Investing.com - The U.S. dollar rose against its Canadian counterpart on Friday, just off the previous session’s two-week highs as the Federal Reserve’s recent rate hike continued to support the greenaback.
USD/CAD hit 1.3384 during early U.S. trade, the session high; the pair subsequently consolidated at 1.3384, gaining 0.35%.
The pair was likely to find support at 1.3265, Thursday’s low and resistance at 1.3418, Thursday’s high and a two-week peak.
The greenback found broad support after the Fed concluded its policy meeting on Wednesday by raising interest rates by 25 basis points and projected three more rate hikes for 2017.
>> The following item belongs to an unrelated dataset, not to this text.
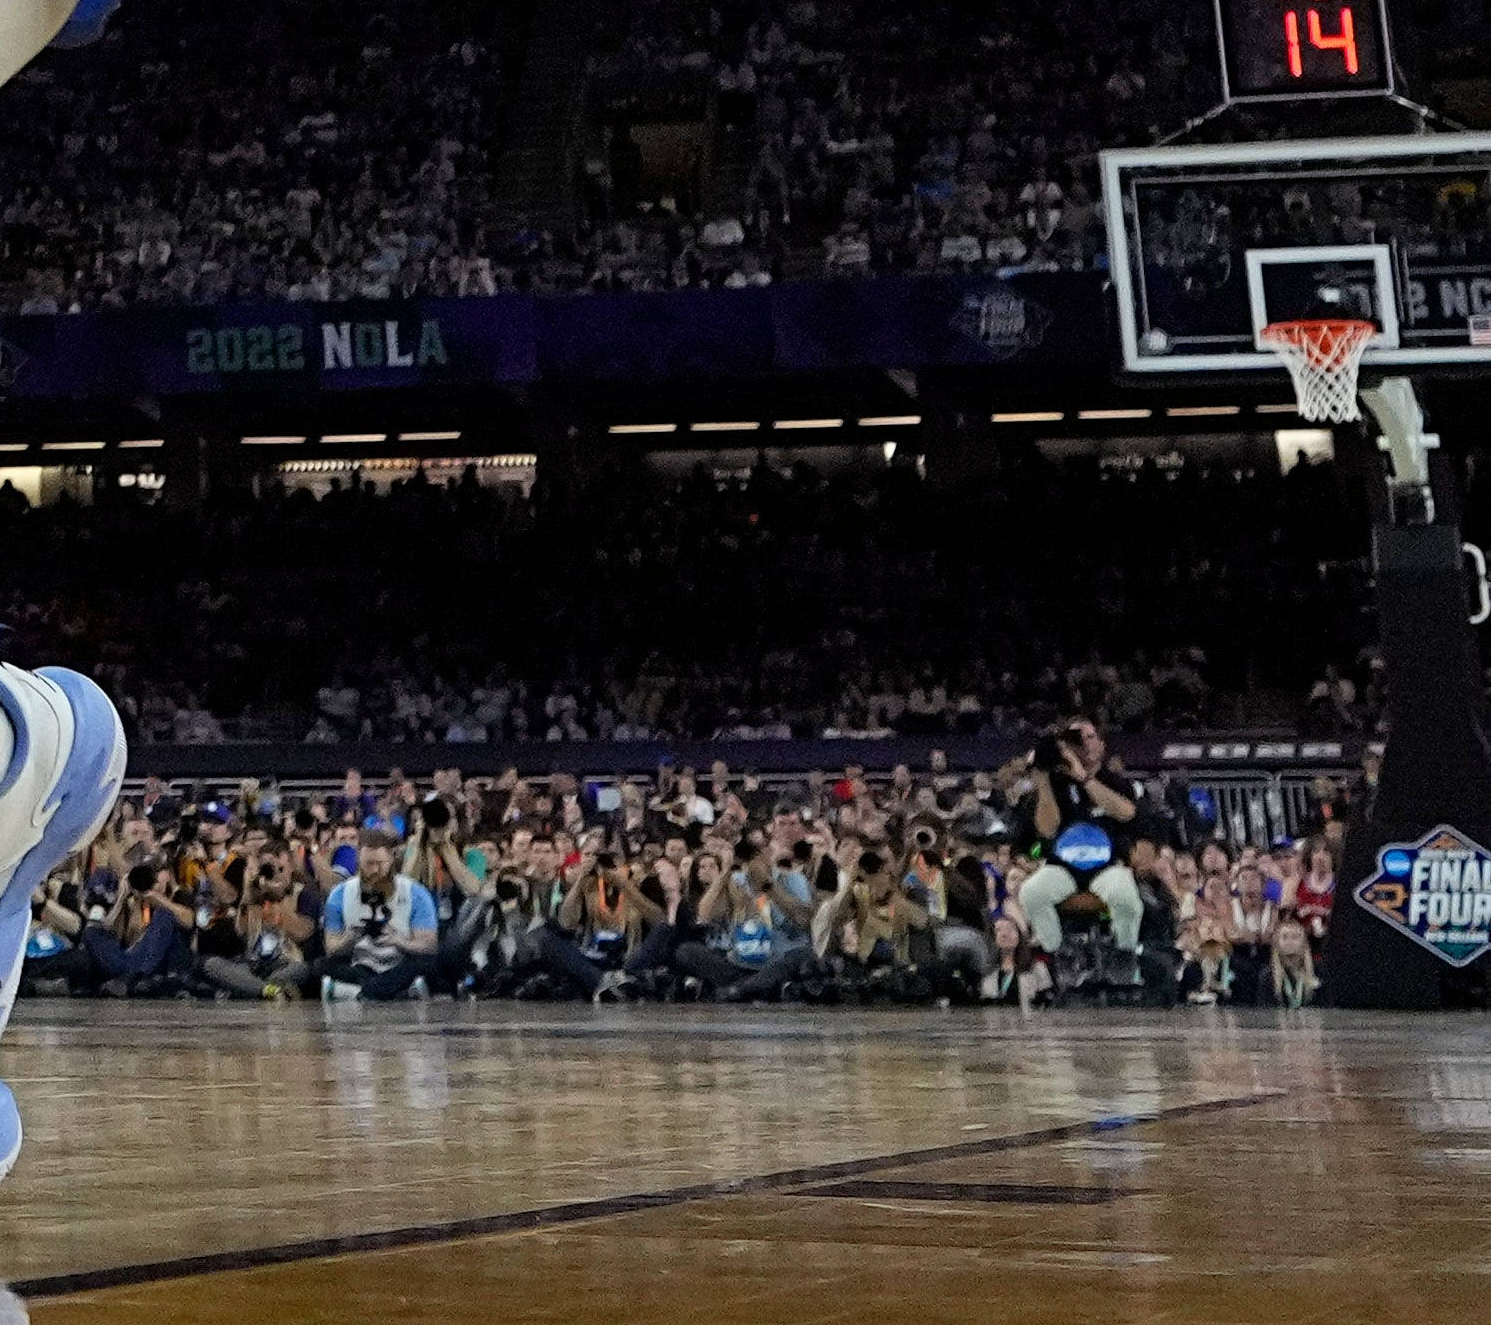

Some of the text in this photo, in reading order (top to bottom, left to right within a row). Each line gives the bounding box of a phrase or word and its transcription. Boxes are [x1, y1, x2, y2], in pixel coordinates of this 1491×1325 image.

It was the Fed’s first rate hike since December 2015.
The U.S. Commerce Department said on Friday that housing starts tumbled 18.7% to hit 1.090 million units last month from October’s total of 1.340 million units, an upward revision from the initial 1.323 million.
Analysts had expected November’s reading to fall to only 1.230 million units.
Meanwhile, U.S. building permits dropped 4.7% to 1.201 million units last month from 1.260 million in October. Economists had forecast the units to fall to 1.240 million units in November.
In Canada, official data showed that foreign securities purchases increased by C$15.75 billion in October, beating expectations for a $12.35 billion rise.
Foreign securities purchases rose $11.79 billion in September, whose figure was revised from a previously estimated increase of $11.77 billion.
The loonie was lower against the euro, with EUR/CAD climbing 0.45% at 1.3951.